LAMA2-related muscular dystrophy is a disorder that causes muscle weakness and wasting. The condition is a result of mutations in the LAMA2 gene that contains instructions for the body to make the laminin alpha2 protein. This protein is part of the laminin 2 (also called merosin) and laminin 4 complexes, which are important skeletal muscle components. There are at least two types of this condition:
Early-onset LAMA2-related MD is the most common presentation of this condition. It is apparent at birth or within the first few months of life, and thus, considered part of a class of muscle disorders called congenital muscular dystrophies. Low muscle tone and muscle weakness are severe and most affected infants experience delays or fail to reach many motor milestones. Most affected infants can sit unsupported and some can stand without assistance. Very few children with the severe form are ever able to walk without help. In addition, affected newborns may experience breathing difficulties that progressively worsen with age. Feeding difficulties can result in poor weight gain and growth. Other symptoms can include stiff joints, dislocation of the hip, progressive curvature of the spine, weak eye muscles, and seizures. Intellectual disability is only seen in a small percentage of patients, who mostly have structural malformations of the brain and/or seizures.

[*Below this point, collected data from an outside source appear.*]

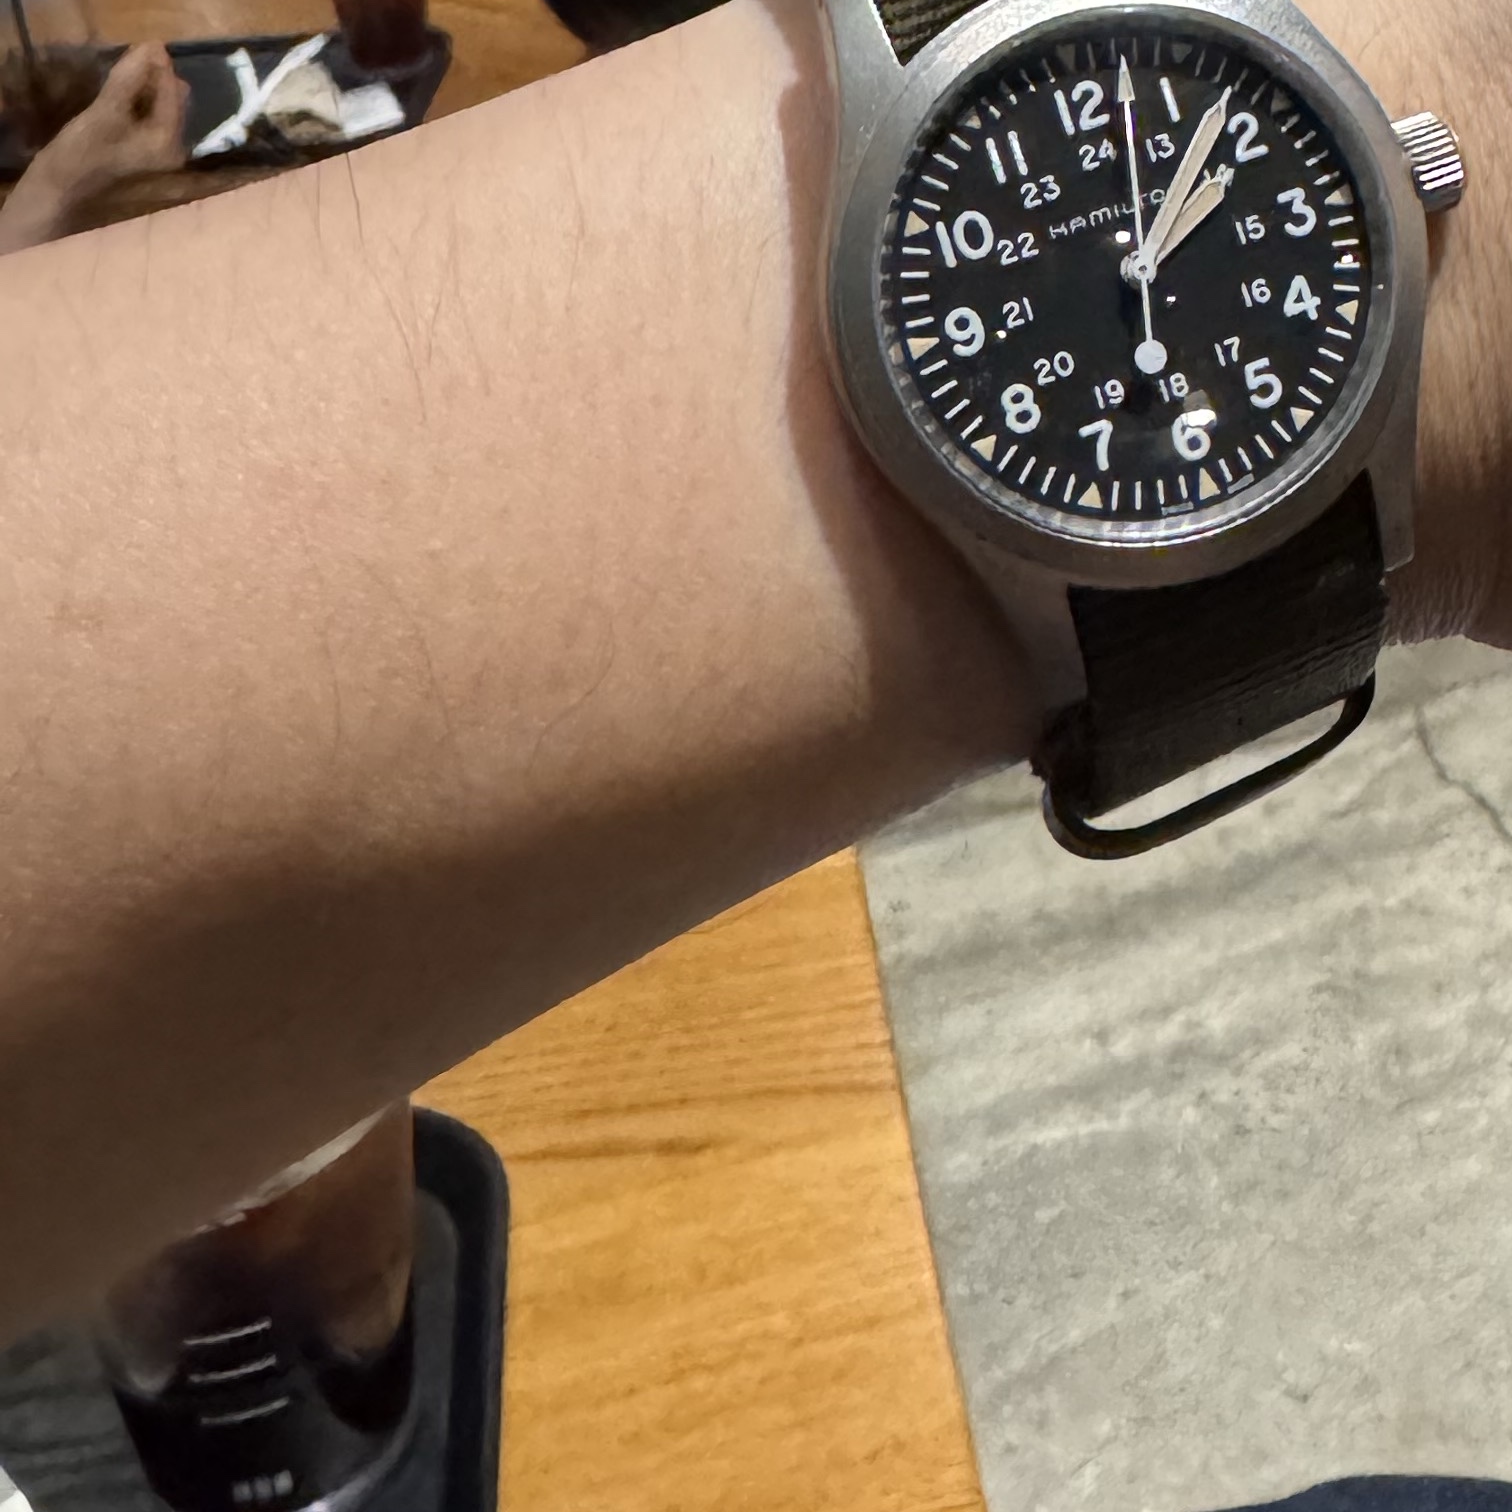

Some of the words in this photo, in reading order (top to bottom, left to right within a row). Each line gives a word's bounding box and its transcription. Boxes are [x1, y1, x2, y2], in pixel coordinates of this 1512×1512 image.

[1054, 80, 1110, 135] 12
[1160, 77, 1180, 122] 1
[986, 131, 1029, 183] 11
[1079, 139, 1116, 170] 24
[1146, 133, 1175, 162] 13
[1226, 112, 1268, 162] 2
[1019, 174, 1060, 208] 23
[1277, 187, 1316, 236] 3
[1048, 188, 1168, 240] HAMILTO
[1235, 215, 1265, 244] 15
[934, 209, 994, 268] 10
[997, 233, 1039, 265] 22
[1003, 297, 1033, 328] 21
[1241, 278, 1271, 307] 16
[1284, 275, 1321, 320] 4
[945, 307, 985, 356] 9
[1215, 336, 1240, 366] 17
[1034, 351, 1074, 385] 20
[1158, 373, 1189, 403] 18
[1245, 357, 1282, 408] 5
[1001, 384, 1041, 433] 8
[1095, 379, 1124, 409] 19
[1079, 419, 1113, 471] 7
[1171, 409, 1217, 461] 6
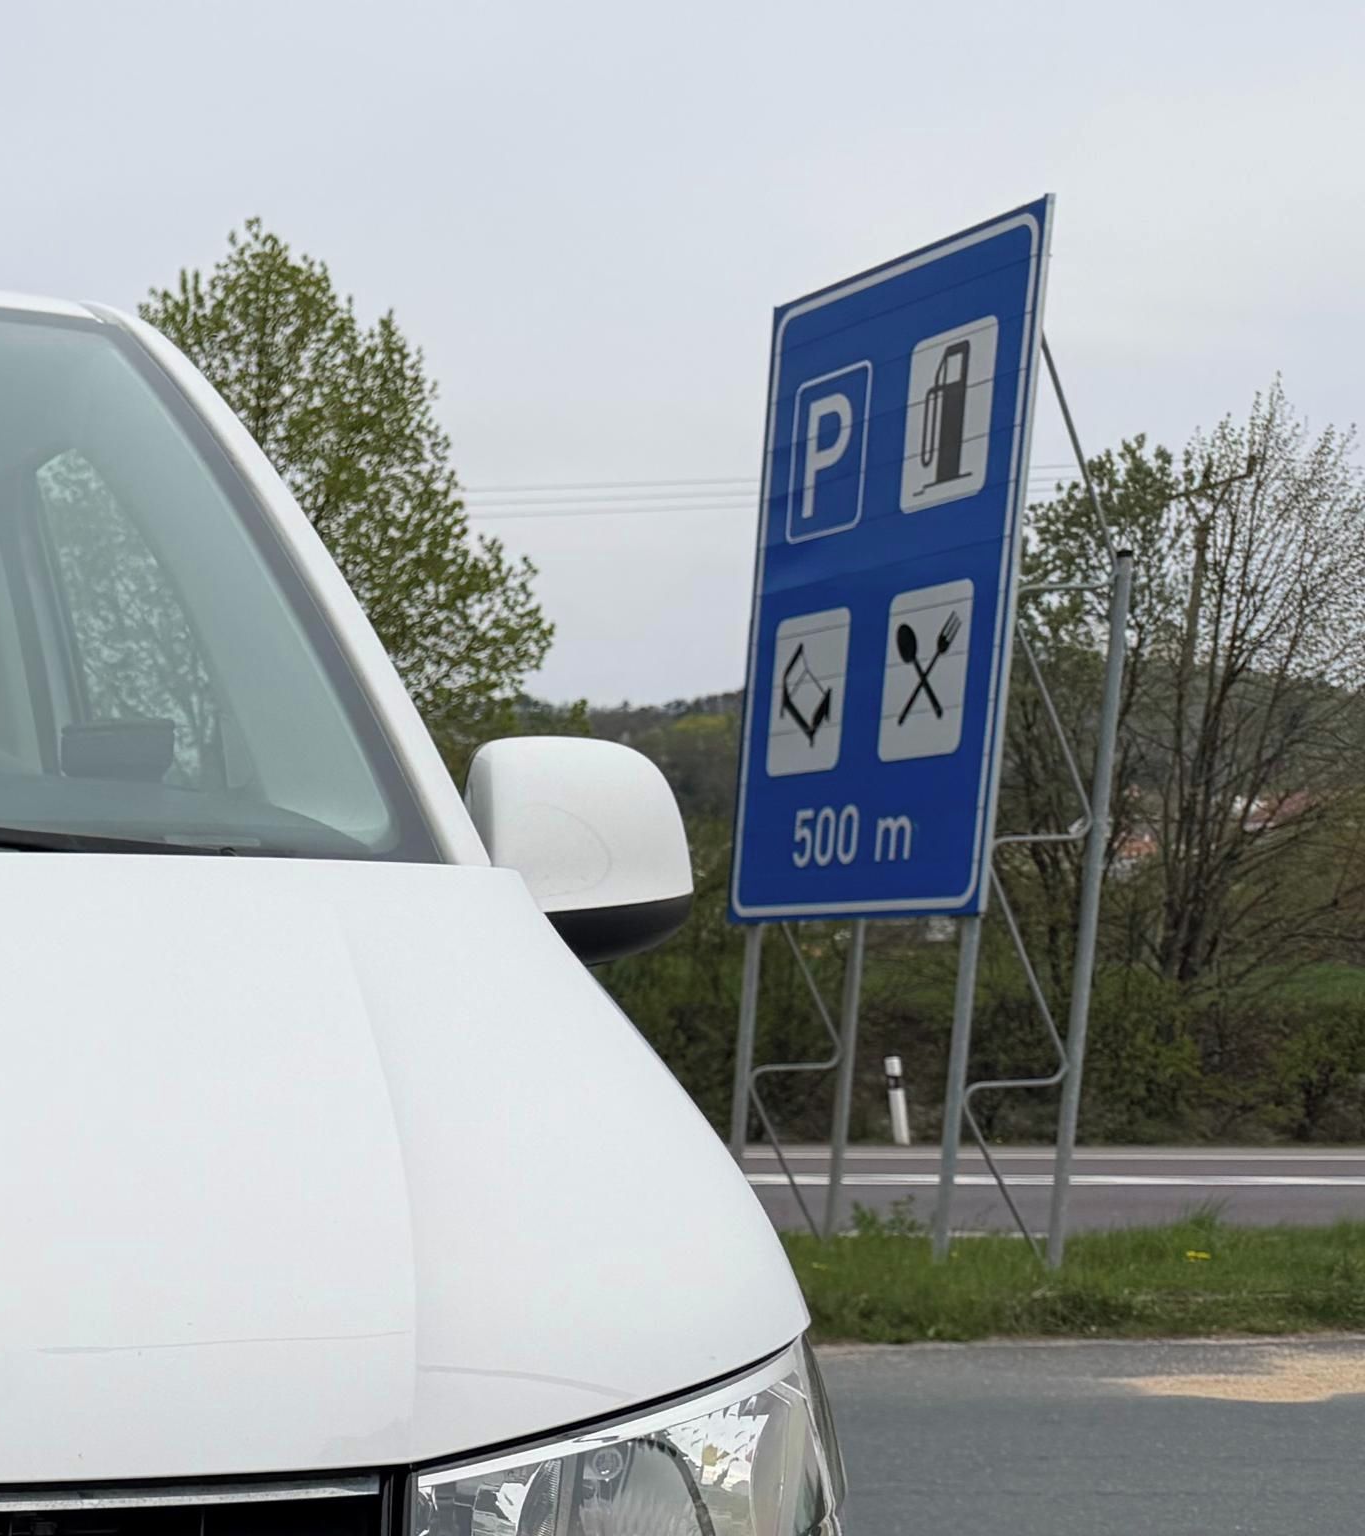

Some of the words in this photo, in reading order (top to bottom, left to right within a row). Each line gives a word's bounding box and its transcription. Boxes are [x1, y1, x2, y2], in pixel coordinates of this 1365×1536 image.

[800, 391, 854, 519] P
[792, 804, 859, 868] 500
[874, 815, 912, 862] m

Late-onset LAMA2-related MD occurs later in childhood or in adulthood. Signs and symptoms of this form tend to be milder than the early-onset type and are similar to those of a group of muscle disorders classified as limb-girdle muscular dystrophies. In the late-onset form, the muscles most affected are those closest to the body, such as the shoulders, upper arms, pelvic area, and thighs. Children with late-onset LAMA2-related MD sometimes have delayed development of motor skills such as walking, but typically achieve the ability to walk without assistance. Over time, they may develop rigidity of the back, joint stiffness, progressive curvature of the spine, breathing problems, and heart issues (arrhythmia or weakening of the heart muscles, known as cardiomyopathy).

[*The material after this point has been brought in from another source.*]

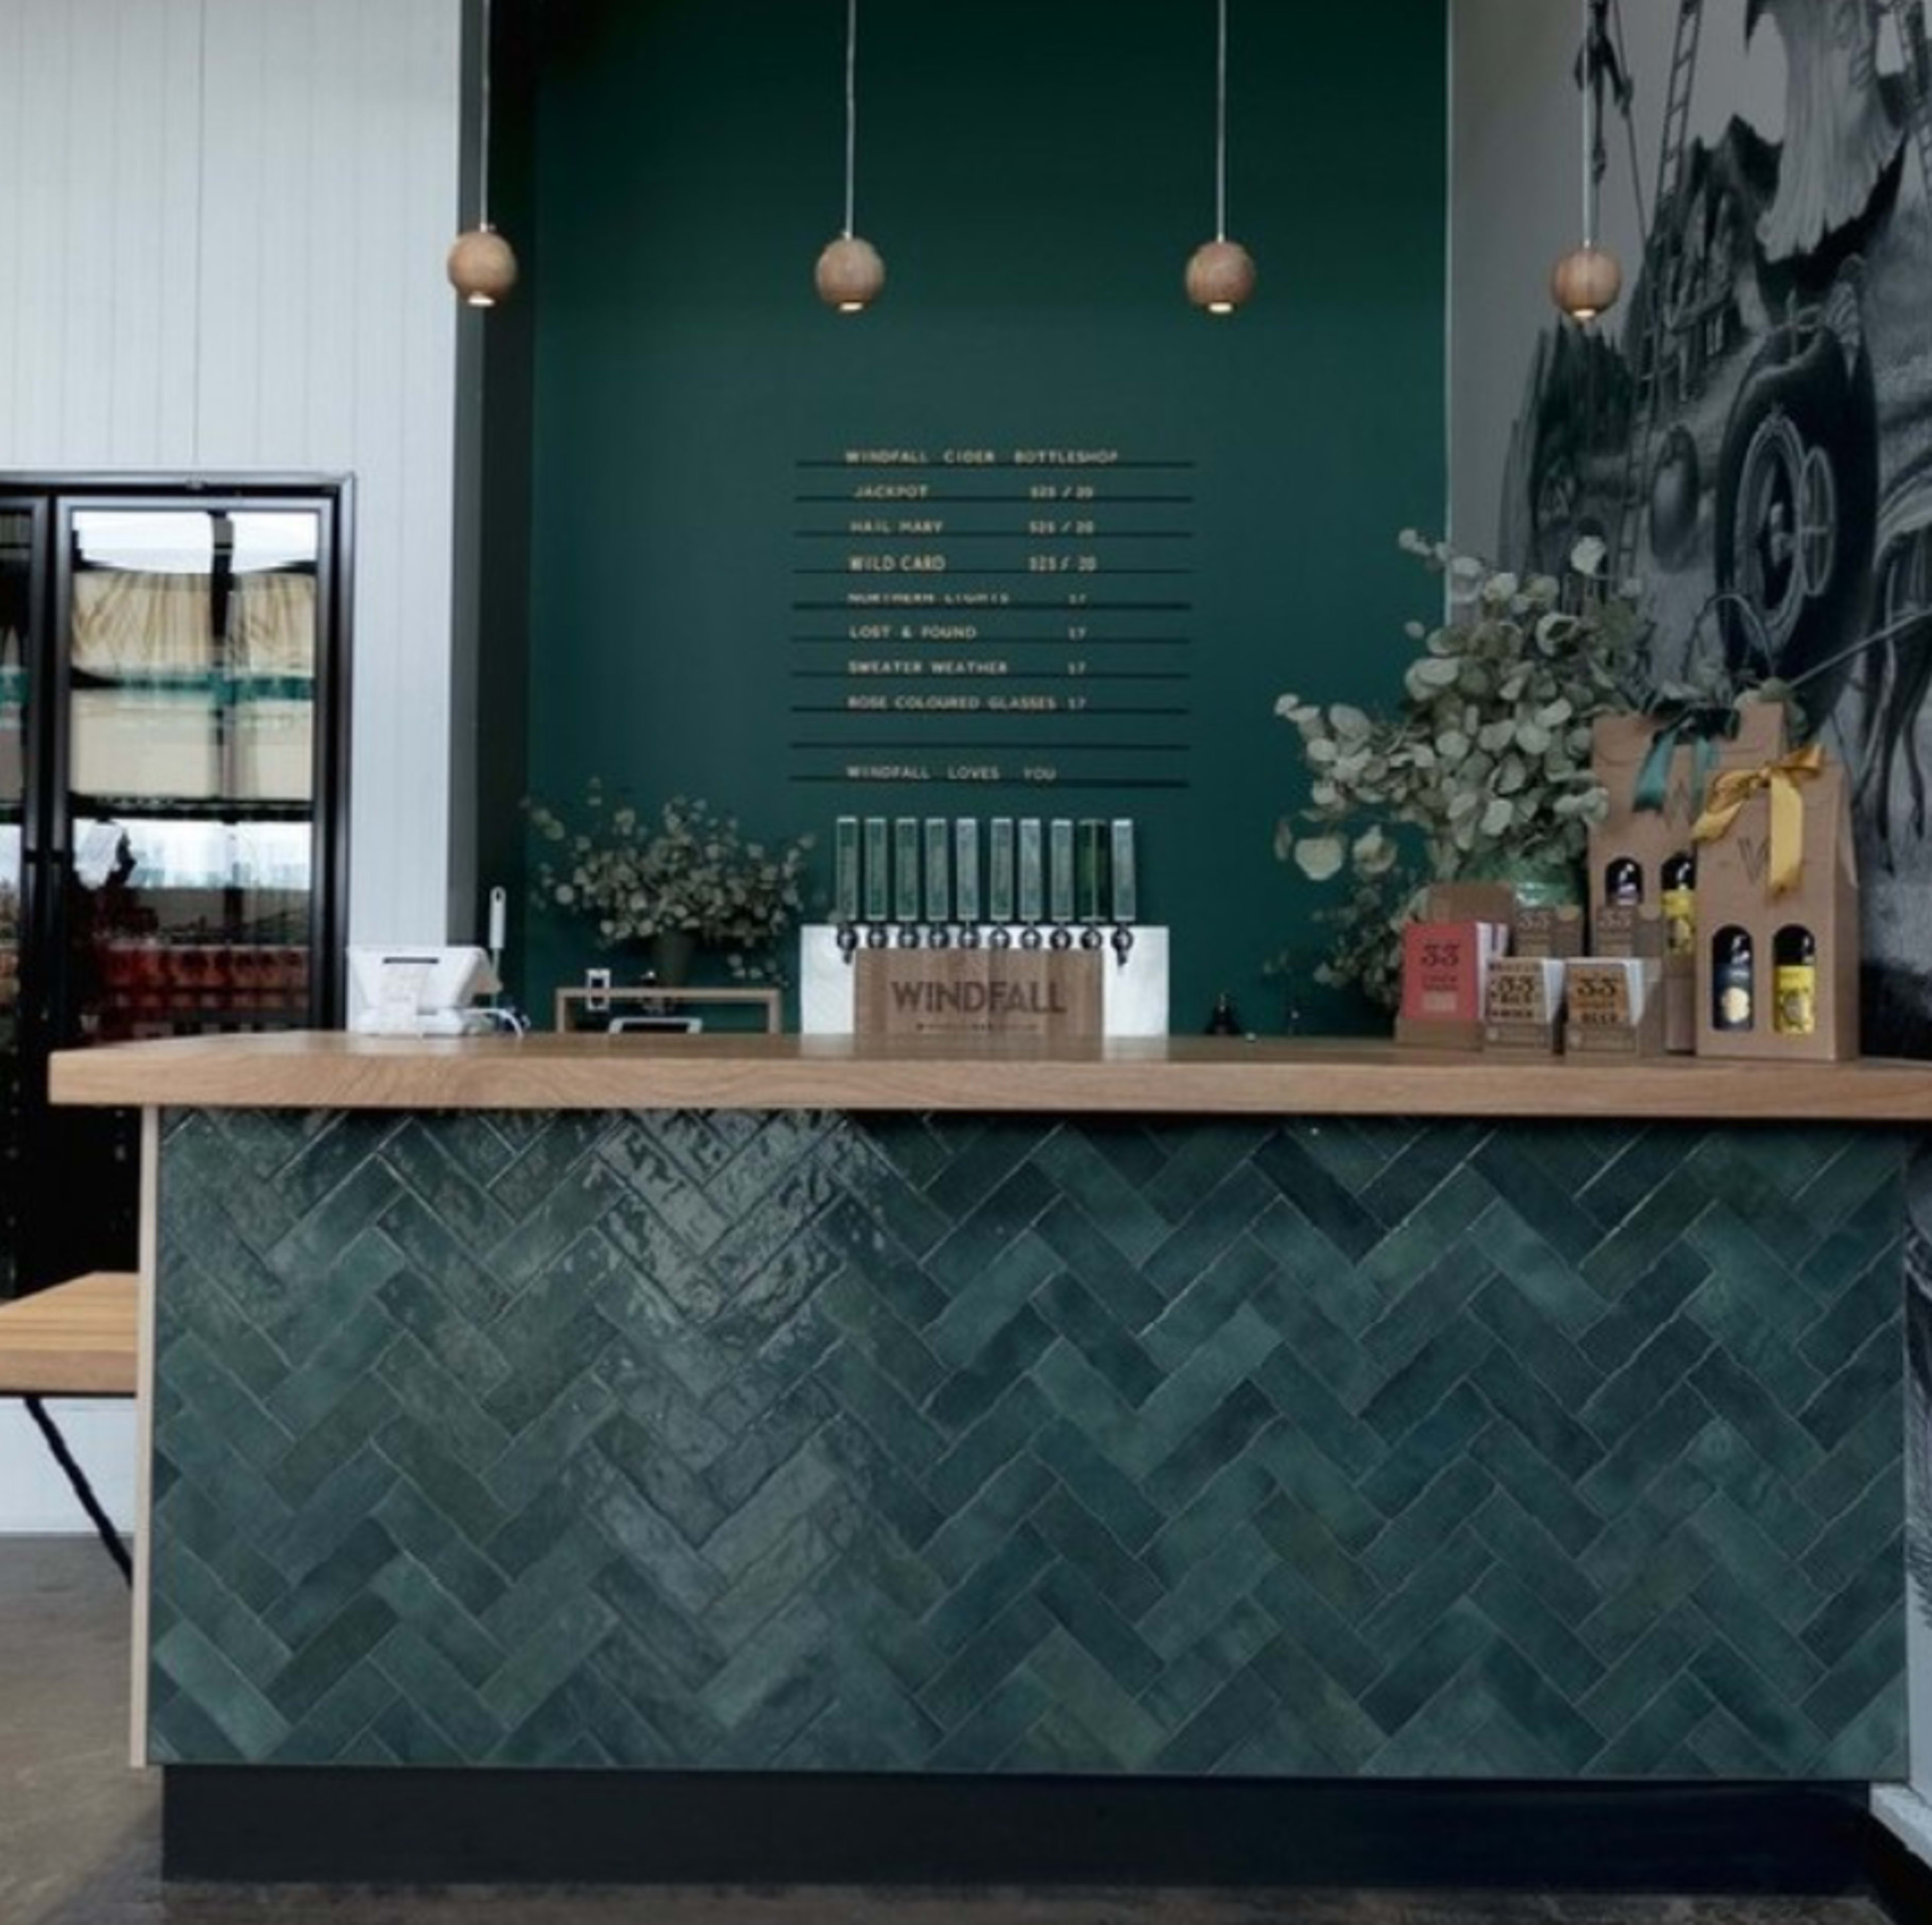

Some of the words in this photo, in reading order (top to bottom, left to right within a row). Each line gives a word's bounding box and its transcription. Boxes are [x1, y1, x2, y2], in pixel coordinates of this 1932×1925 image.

The worldwide occurrence of LAMA2-related MD is unknown. Where estimated, the occurrence of congenital muscular dystrophies are estimated to be between 1 in 26,000 and 1 in 132,000. However, the number of cases attributed to mutations in LAMA2 varies by country and has been reported between ~6% and ~66%. Of note, one large study from northern England estimated the occurrence of LAMA2-related MD to be approximately 1 in 166,000 births, and a high frequency of the disease has been described in the Irish and Kenyan populations.
Treatment is symptomatic, with the objective of optimizing each patient's abilities, and is usually managed by a team of doctors. For infants and children with early-onset LAMA2-related MD, it may include supplemental feeding, breathing support, physical therapy, orthotics for joint stiffness, occupational therapy, and speech therapy. Seizures or other neurological complications generally require specific medications. Those with the late-onset form benefit from regular physical therapy to stretch the joints and spine, and may need care for progressive breathing difficulties. Monitoring for issues over time, like breathing and heart complications, is also typically recommended for any individual with this condition.
Because of the serious health problems that occur in the early-onset form of the disorder, especially breathing issues, many affected individuals do not survive past adolescence. Those with the rarer, late-onset form have progressive muscle weakness, but life expectancy is typically unaffected.
The CMD International Registry is a patient self-report registry, with the goal to register the global congenital muscle disease population, including congenital myopathy and congenital muscular dystrophy.